Sunday, Sep. 11, 2005

Looking Ahead

Some in the water's path did not want to leave; others are already planning their return. Still others are suspended in grief

Photographs for TIME by John Chiasson

"I do not feel threatened in my home from looters or anything like that."

Susan Ebel NEW ORLEANS A private chef, she feels lucky that her 150-year-old Garden District home "never lost a pane of glass." She resisted the idea of evacuation and sees shortages of ice and coffee as a "Zen experience."

"I will not be whipped. I will be back and record the history of this storm."

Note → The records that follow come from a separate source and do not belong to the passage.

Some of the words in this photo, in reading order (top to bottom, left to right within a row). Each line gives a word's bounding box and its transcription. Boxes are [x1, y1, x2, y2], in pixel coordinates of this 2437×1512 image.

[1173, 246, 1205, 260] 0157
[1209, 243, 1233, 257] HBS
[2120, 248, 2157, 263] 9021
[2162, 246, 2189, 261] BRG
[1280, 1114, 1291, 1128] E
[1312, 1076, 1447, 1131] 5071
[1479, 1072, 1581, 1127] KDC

Charles Gray BAY ST. LOUIS, MISS. The Hancock County Historical Society executive director is upbeat despite the loss of a home with precious antiques and paintings.

Robert Barnes PASS CHRISTIAN, MISS. As the water rose, Barnes, a concrete finisher, climbed into the attic and then onto his roof, then used his belt to strap himself to the top of a pine tree. "You could hear the tornadoes roaring," he says. When the flood abated, he discovered a neighbor's corpse. Bayou mud left little in his house to salvage. But he thinks he'll find work.

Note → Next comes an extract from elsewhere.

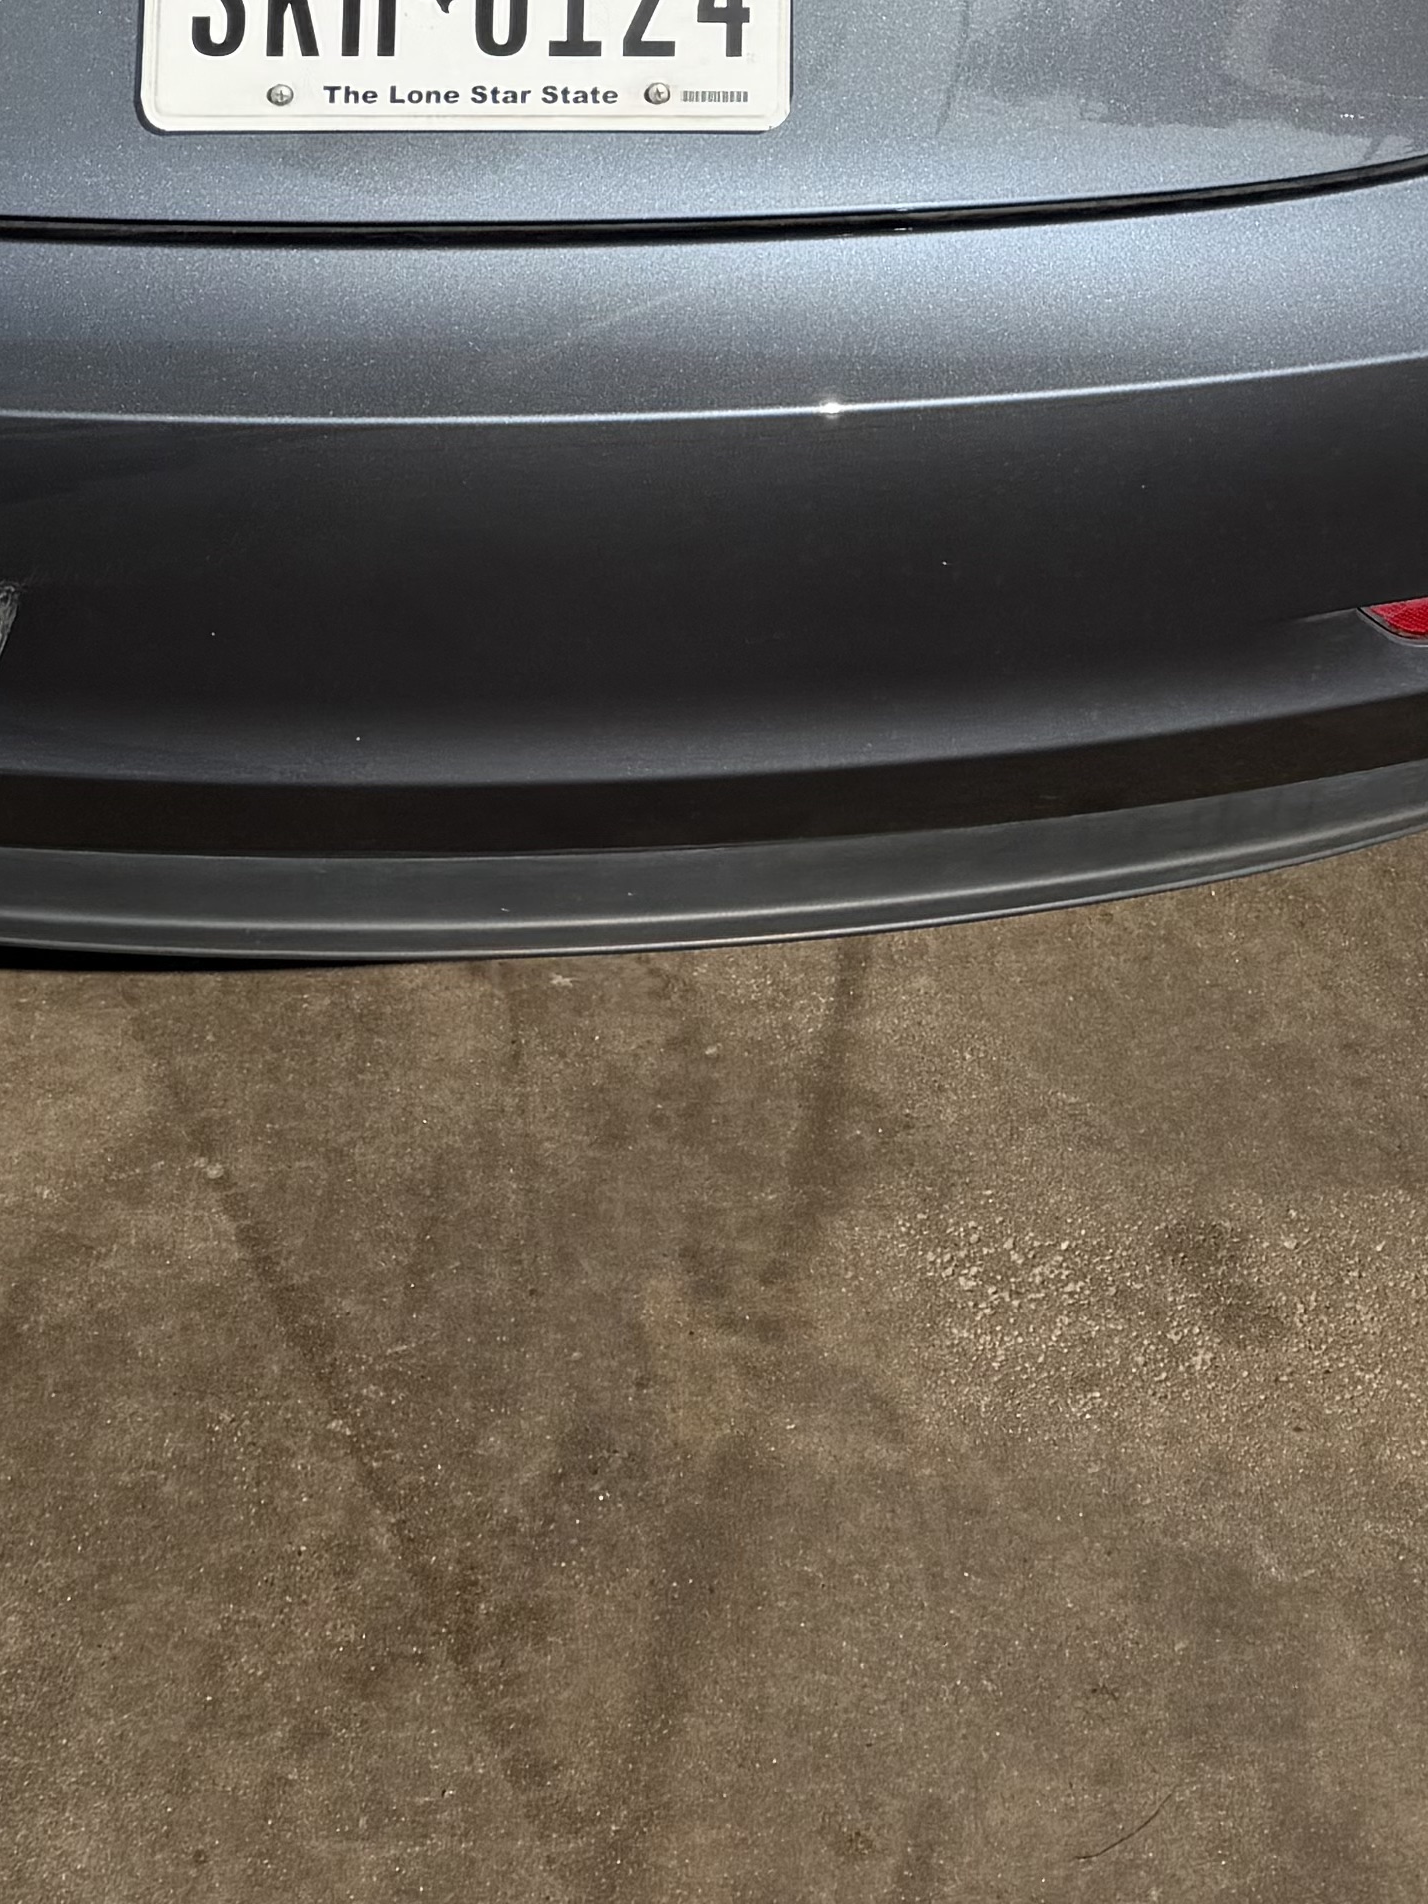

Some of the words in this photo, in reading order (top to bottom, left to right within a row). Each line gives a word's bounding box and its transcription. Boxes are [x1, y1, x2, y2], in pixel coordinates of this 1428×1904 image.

"[Is my job gone?] No. Whenever they get electricity back, we'll start pouring concrete. House slabs, big industries, we'll do driveways."

"I've never had Thanksgiving or Christmas without my parents. We always had gumbo and stuffed crabs."

James Oliver (with cousin Alicia Labat) SAN FRANCISCO The cousins have managed to transfer from two New Orleans universities to one in San Francisco. For Alicia, a Californian, it is a homecoming; for James, an abrupt, indefinite exile from his beloved hometown.

The Ainsworths LAFAYETTE, LA. Kirk, his wife Lyndi, baby Jack and daughter Mia, 3, evacuated New Orleans' Mid-City neighborhood before the storm. Heavily armed, the medical-device salesman and friends returned by boat to do search and rescue. At first he thought, "This city is going to be bulldozed." Now he sees an "attitude shift," and says, "Not only can they rebuild this, but I think they can do it better than it was." Still, Mia's first day of school was in Lafayette.

"I'm not from New Orleans, but I've been there 12 years. All I can say is, I miss it already, everything about it. I really don't care to live anywhere else."

"It's too early to tell if I'll move--we haven't even recovered my mother's body--but I probably won't."

Brian Molere BAY ST. LOUIS, MISS. When the walls of his concrete-and-stucco home blew out, Molere grabbed his chihuahua Rocky, was swept from his roof, and swam and rode the current for two hours. He saved the dog but later found that his 80-year-old mother, in another house and on a respirator, had refused to leave. "I hope she went fast," he says. He knows many who have lost kin.